***** Study material *****
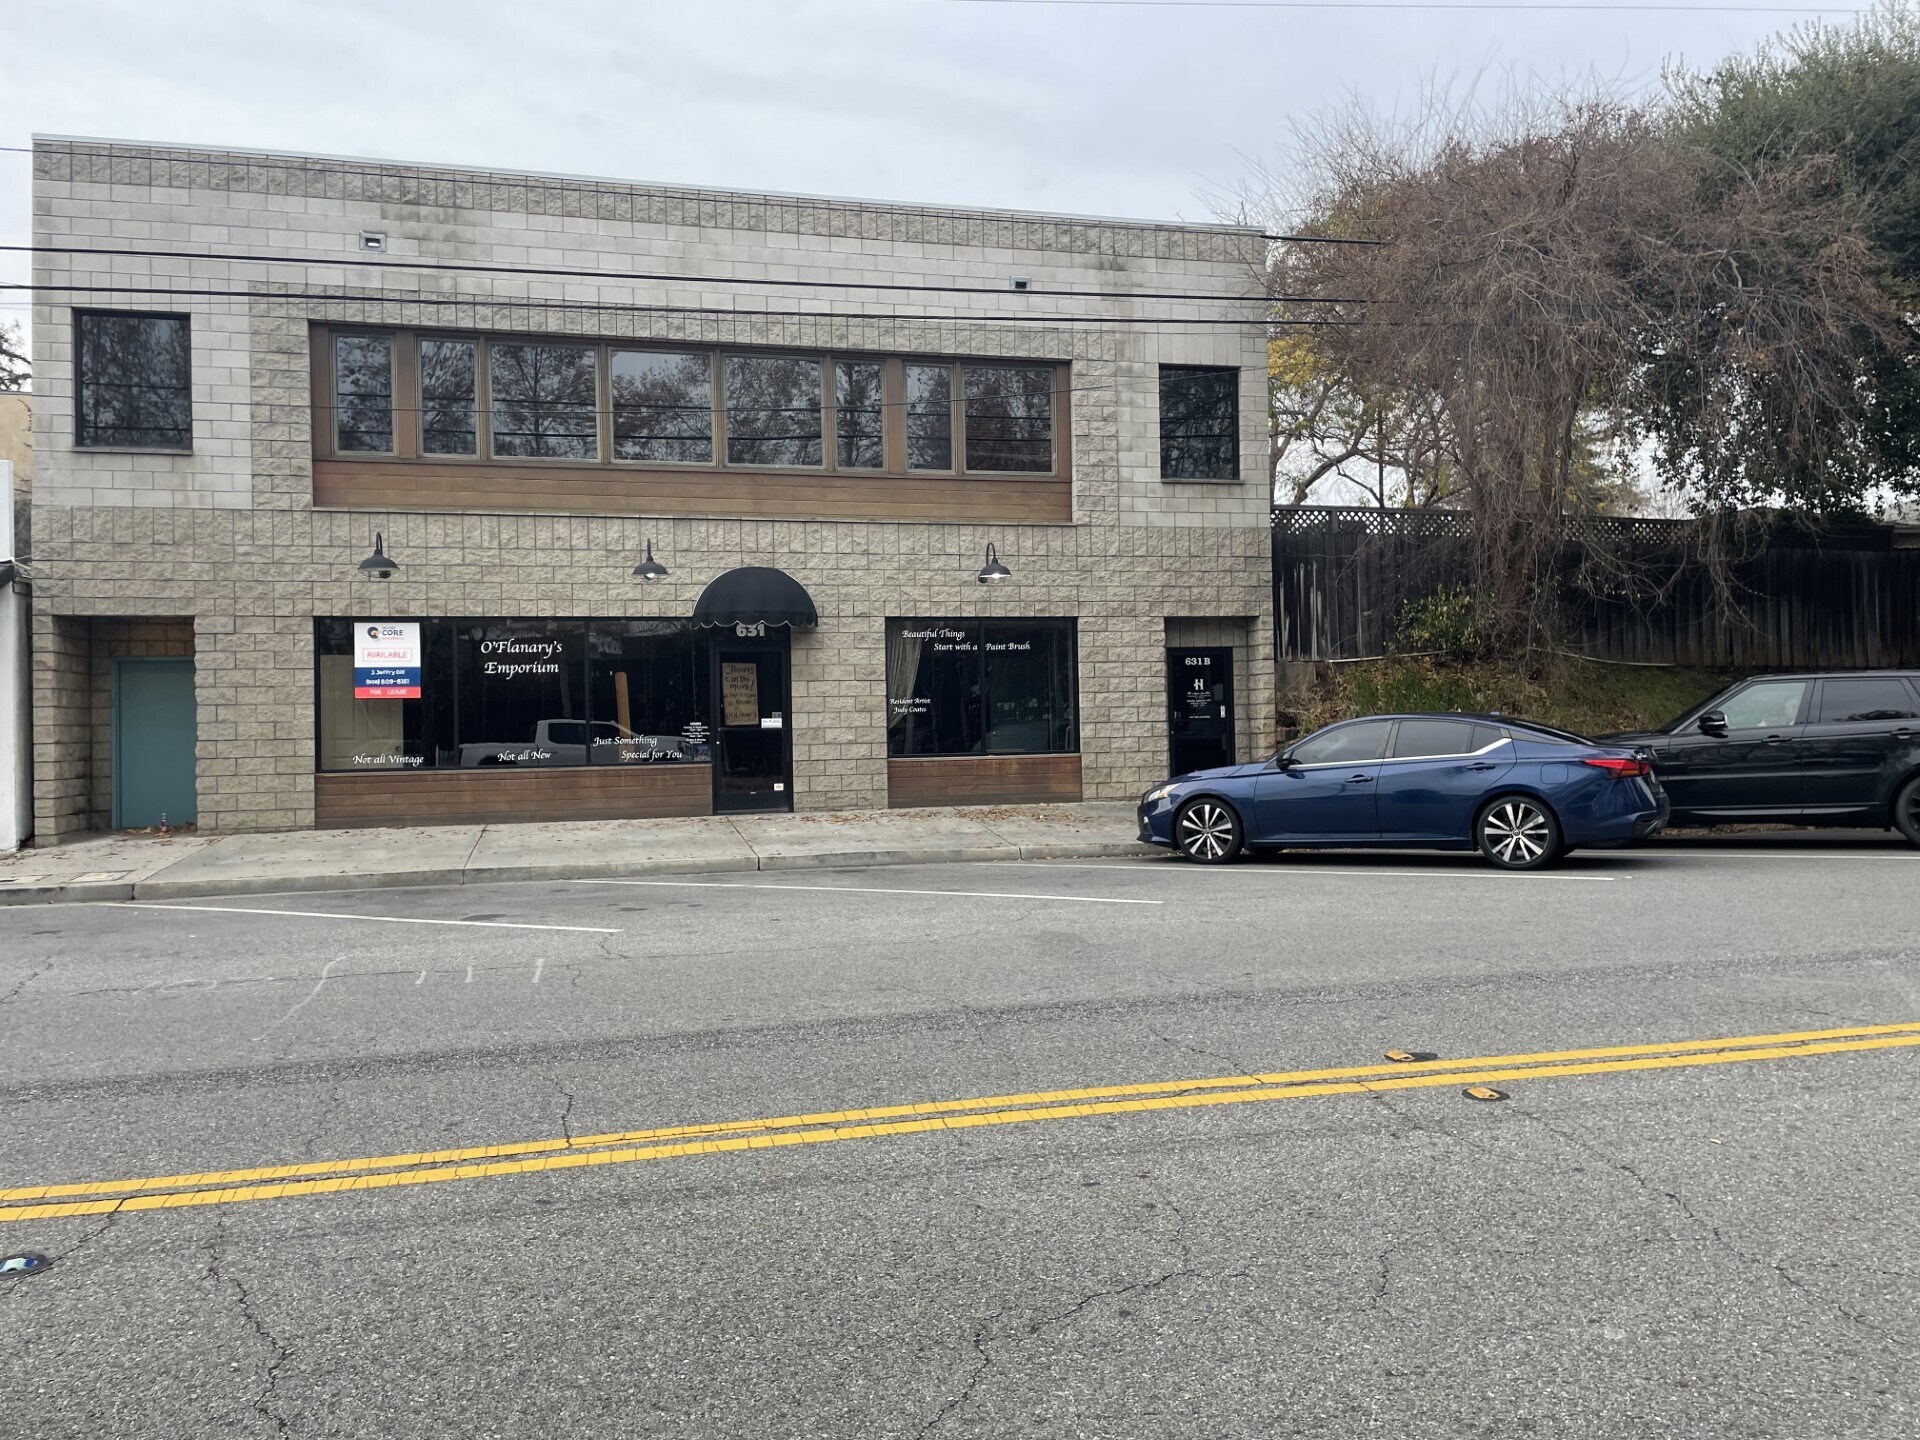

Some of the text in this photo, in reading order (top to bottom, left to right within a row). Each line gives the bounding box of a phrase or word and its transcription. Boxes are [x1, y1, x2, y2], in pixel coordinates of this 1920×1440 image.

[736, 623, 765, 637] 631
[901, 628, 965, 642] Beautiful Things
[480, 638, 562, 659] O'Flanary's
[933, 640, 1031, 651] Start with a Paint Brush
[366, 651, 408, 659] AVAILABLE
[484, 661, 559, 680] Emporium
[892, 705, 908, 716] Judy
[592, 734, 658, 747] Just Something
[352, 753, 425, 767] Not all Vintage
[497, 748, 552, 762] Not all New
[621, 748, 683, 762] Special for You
*****
> _Task objective_
Write out each line of the data exactly; the images should be left out.

> _Expected answer_
Some of the text in this photo, in reading order (top to bottom, left to right within a row). Each line gives the bounding box of a phrase or word and its transcription. Boxes are [x1, y1, x2, y2], in pixel coordinates of this 1920×1440 image.

[736, 623, 765, 637] 631
[901, 628, 965, 642] Beautiful Things
[480, 638, 562, 659] O'Flanary's
[933, 640, 1031, 651] Start with a Paint Brush
[366, 651, 408, 659] AVAILABLE
[484, 661, 559, 680] Emporium
[892, 705, 908, 716] Judy
[592, 734, 658, 747] Just Something
[352, 753, 425, 767] Not all Vintage
[497, 748, 552, 762] Not all New
[621, 748, 683, 762] Special for You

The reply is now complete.